(Exercise): Only the pictures are dropped. Restate each line below word for word.

(Material shown):
==*==

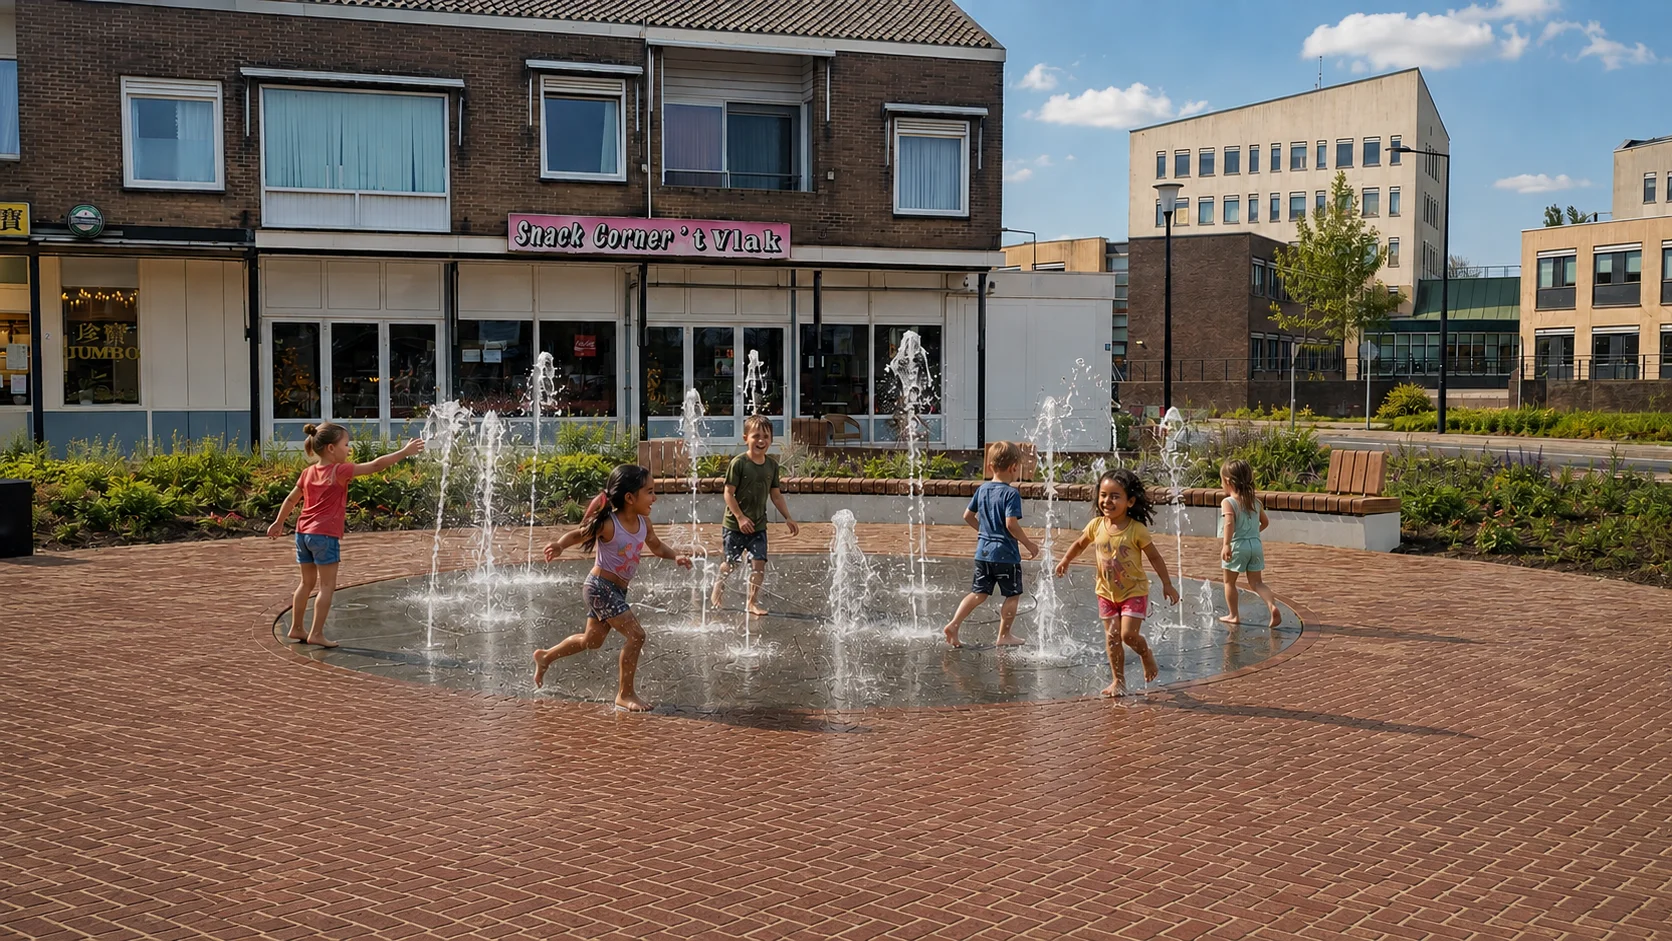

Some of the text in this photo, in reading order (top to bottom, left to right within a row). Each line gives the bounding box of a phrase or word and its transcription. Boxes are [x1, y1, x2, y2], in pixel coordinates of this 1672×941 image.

[515, 220, 585, 248] Snack
[592, 223, 675, 250] Corner
[711, 229, 783, 253] Vlak
[68, 346, 140, 360] JUMBO

==*==

(Finished exercise):
Some of the text in this photo, in reading order (top to bottom, left to right within a row). Each line gives the bounding box of a phrase or word and its transcription. Boxes are [x1, y1, x2, y2], in pixel coordinates of this 1672×941 image.

[515, 220, 585, 248] Snack
[592, 223, 675, 250] Corner
[711, 229, 783, 253] Vlak
[68, 346, 140, 360] JUMBO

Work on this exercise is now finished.